Data shown
________

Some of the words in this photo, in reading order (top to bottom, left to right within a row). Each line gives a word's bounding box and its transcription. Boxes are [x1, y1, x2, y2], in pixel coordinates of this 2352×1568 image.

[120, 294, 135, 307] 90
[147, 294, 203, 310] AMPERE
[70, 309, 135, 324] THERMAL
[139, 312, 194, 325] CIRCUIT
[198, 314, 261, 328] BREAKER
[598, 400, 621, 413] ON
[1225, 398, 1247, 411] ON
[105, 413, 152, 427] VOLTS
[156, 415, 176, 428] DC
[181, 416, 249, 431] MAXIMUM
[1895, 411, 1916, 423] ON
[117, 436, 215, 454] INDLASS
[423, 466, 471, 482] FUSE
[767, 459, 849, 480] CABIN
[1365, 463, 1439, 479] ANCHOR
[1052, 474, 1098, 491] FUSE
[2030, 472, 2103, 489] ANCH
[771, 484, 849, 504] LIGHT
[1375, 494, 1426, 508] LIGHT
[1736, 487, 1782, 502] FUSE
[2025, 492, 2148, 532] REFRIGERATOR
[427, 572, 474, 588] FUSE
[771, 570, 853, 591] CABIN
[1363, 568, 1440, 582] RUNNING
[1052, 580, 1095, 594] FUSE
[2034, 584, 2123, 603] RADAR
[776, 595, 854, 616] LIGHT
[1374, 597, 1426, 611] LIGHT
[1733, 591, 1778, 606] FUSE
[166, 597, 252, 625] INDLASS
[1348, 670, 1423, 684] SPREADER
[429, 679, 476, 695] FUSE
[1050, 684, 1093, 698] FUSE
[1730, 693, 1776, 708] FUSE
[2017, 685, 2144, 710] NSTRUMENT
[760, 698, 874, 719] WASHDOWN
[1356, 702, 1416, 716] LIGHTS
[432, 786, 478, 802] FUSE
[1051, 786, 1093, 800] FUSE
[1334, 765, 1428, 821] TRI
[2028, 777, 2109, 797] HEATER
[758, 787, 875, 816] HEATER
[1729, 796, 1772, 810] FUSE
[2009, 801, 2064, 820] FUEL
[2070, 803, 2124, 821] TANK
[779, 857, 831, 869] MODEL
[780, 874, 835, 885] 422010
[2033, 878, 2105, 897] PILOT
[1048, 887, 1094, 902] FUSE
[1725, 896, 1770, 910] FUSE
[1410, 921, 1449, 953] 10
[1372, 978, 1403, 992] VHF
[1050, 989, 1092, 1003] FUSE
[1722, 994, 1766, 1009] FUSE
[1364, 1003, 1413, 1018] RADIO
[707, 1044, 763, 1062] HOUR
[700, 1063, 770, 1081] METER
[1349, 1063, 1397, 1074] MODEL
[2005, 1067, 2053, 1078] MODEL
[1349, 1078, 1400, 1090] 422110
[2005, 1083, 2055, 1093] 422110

________

Exercise goal
Look for the word "HEATER" in the listing above, and copy every line where you find it.

Response
[2028, 777, 2109, 797] HEATER
[758, 787, 875, 816] HEATER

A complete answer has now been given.